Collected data
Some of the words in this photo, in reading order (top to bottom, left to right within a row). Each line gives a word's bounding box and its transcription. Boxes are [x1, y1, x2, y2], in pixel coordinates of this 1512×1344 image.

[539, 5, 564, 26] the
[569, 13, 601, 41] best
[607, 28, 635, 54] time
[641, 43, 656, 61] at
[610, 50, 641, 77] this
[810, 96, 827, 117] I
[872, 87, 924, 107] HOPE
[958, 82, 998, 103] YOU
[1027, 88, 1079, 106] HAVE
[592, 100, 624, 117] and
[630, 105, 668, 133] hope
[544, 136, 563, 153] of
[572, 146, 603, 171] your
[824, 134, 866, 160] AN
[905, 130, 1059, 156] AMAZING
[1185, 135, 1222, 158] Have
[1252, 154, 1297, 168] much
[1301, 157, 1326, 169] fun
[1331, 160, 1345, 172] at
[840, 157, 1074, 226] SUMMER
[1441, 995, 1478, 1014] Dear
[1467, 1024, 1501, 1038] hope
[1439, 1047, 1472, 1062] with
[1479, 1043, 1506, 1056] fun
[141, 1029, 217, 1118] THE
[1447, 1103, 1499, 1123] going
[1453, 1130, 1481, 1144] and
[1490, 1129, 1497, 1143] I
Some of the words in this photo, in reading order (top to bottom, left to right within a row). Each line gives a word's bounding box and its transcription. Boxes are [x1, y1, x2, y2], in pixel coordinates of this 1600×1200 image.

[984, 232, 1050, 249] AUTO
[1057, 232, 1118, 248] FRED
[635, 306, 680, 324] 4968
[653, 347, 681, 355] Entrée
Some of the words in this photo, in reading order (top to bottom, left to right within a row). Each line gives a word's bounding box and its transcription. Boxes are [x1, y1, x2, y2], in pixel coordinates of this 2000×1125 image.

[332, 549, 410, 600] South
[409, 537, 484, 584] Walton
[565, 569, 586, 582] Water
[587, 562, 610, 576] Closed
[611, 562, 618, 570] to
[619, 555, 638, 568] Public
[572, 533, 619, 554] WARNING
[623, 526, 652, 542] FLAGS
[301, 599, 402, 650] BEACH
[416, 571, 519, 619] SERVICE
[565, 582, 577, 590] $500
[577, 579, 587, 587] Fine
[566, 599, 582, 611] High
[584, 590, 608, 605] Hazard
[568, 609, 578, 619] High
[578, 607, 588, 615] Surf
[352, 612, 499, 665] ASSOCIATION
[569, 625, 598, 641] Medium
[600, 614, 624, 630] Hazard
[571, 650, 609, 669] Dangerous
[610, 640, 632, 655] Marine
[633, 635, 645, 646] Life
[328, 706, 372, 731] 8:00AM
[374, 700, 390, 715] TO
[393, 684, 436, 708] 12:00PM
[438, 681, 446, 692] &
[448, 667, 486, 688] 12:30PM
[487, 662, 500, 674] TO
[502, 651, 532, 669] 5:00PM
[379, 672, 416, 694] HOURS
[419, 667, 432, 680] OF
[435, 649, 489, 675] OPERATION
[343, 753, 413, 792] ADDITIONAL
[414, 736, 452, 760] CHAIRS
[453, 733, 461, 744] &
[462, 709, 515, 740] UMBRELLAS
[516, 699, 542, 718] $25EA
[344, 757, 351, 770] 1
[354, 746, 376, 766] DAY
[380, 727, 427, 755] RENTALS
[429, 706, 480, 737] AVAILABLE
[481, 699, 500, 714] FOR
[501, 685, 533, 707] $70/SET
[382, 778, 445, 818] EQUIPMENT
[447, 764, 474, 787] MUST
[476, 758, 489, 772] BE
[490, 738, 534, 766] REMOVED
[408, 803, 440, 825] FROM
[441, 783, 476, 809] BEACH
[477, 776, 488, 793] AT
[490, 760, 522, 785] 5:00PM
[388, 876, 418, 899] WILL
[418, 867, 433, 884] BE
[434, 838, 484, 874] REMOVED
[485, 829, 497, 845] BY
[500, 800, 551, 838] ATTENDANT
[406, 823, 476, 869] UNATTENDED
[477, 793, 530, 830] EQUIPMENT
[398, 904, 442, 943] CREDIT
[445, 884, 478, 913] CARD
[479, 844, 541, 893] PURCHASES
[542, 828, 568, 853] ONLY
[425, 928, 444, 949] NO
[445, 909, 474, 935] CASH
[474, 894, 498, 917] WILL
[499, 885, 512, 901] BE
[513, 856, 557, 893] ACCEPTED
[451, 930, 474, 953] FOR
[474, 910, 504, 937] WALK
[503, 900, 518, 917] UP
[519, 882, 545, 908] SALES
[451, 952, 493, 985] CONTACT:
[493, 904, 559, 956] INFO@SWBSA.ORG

### Directions
Please retype the entries above in full, exactly as they stand.

### Exercise response
Some of the words in this photo, in reading order (top to bottom, left to right within a row). Each line gives a word's bounding box and its transcription. Boxes are [x1, y1, x2, y2], in pixel coordinates of this 1512×1344 image.

[539, 5, 564, 26] the
[569, 13, 601, 41] best
[607, 28, 635, 54] time
[641, 43, 656, 61] at
[610, 50, 641, 77] this
[810, 96, 827, 117] I
[872, 87, 924, 107] HOPE
[958, 82, 998, 103] YOU
[1027, 88, 1079, 106] HAVE
[592, 100, 624, 117] and
[630, 105, 668, 133] hope
[544, 136, 563, 153] of
[572, 146, 603, 171] your
[824, 134, 866, 160] AN
[905, 130, 1059, 156] AMAZING
[1185, 135, 1222, 158] Have
[1252, 154, 1297, 168] much
[1301, 157, 1326, 169] fun
[1331, 160, 1345, 172] at
[840, 157, 1074, 226] SUMMER
[1441, 995, 1478, 1014] Dear
[1467, 1024, 1501, 1038] hope
[1439, 1047, 1472, 1062] with
[1479, 1043, 1506, 1056] fun
[141, 1029, 217, 1118] THE
[1447, 1103, 1499, 1123] going
[1453, 1130, 1481, 1144] and
[1490, 1129, 1497, 1143] I
Some of the words in this photo, in reading order (top to bottom, left to right within a row). Each line gives a word's bounding box and its transcription. Boxes are [x1, y1, x2, y2], in pixel coordinates of this 1600×1200 image.

[984, 232, 1050, 249] AUTO
[1057, 232, 1118, 248] FRED
[635, 306, 680, 324] 4968
[653, 347, 681, 355] Entrée
Some of the words in this photo, in reading order (top to bottom, left to right within a row). Each line gives a word's bounding box and its transcription. Boxes are [x1, y1, x2, y2], in pixel coordinates of this 2000×1125 image.

[332, 549, 410, 600] South
[409, 537, 484, 584] Walton
[565, 569, 586, 582] Water
[587, 562, 610, 576] Closed
[611, 562, 618, 570] to
[619, 555, 638, 568] Public
[572, 533, 619, 554] WARNING
[623, 526, 652, 542] FLAGS
[301, 599, 402, 650] BEACH
[416, 571, 519, 619] SERVICE
[565, 582, 577, 590] $500
[577, 579, 587, 587] Fine
[566, 599, 582, 611] High
[584, 590, 608, 605] Hazard
[568, 609, 578, 619] High
[578, 607, 588, 615] Surf
[352, 612, 499, 665] ASSOCIATION
[569, 625, 598, 641] Medium
[600, 614, 624, 630] Hazard
[571, 650, 609, 669] Dangerous
[610, 640, 632, 655] Marine
[633, 635, 645, 646] Life
[328, 706, 372, 731] 8:00AM
[374, 700, 390, 715] TO
[393, 684, 436, 708] 12:00PM
[438, 681, 446, 692] &
[448, 667, 486, 688] 12:30PM
[487, 662, 500, 674] TO
[502, 651, 532, 669] 5:00PM
[379, 672, 416, 694] HOURS
[419, 667, 432, 680] OF
[435, 649, 489, 675] OPERATION
[343, 753, 413, 792] ADDITIONAL
[414, 736, 452, 760] CHAIRS
[453, 733, 461, 744] &
[462, 709, 515, 740] UMBRELLAS
[516, 699, 542, 718] $25EA
[344, 757, 351, 770] 1
[354, 746, 376, 766] DAY
[380, 727, 427, 755] RENTALS
[429, 706, 480, 737] AVAILABLE
[481, 699, 500, 714] FOR
[501, 685, 533, 707] $70/SET
[382, 778, 445, 818] EQUIPMENT
[447, 764, 474, 787] MUST
[476, 758, 489, 772] BE
[490, 738, 534, 766] REMOVED
[408, 803, 440, 825] FROM
[441, 783, 476, 809] BEACH
[477, 776, 488, 793] AT
[490, 760, 522, 785] 5:00PM
[388, 876, 418, 899] WILL
[418, 867, 433, 884] BE
[434, 838, 484, 874] REMOVED
[485, 829, 497, 845] BY
[500, 800, 551, 838] ATTENDANT
[406, 823, 476, 869] UNATTENDED
[477, 793, 530, 830] EQUIPMENT
[398, 904, 442, 943] CREDIT
[445, 884, 478, 913] CARD
[479, 844, 541, 893] PURCHASES
[542, 828, 568, 853] ONLY
[425, 928, 444, 949] NO
[445, 909, 474, 935] CASH
[474, 894, 498, 917] WILL
[499, 885, 512, 901] BE
[513, 856, 557, 893] ACCEPTED
[451, 930, 474, 953] FOR
[474, 910, 504, 937] WALK
[503, 900, 518, 917] UP
[519, 882, 545, 908] SALES
[451, 952, 493, 985] CONTACT:
[493, 904, 559, 956] INFO@SWBSA.ORG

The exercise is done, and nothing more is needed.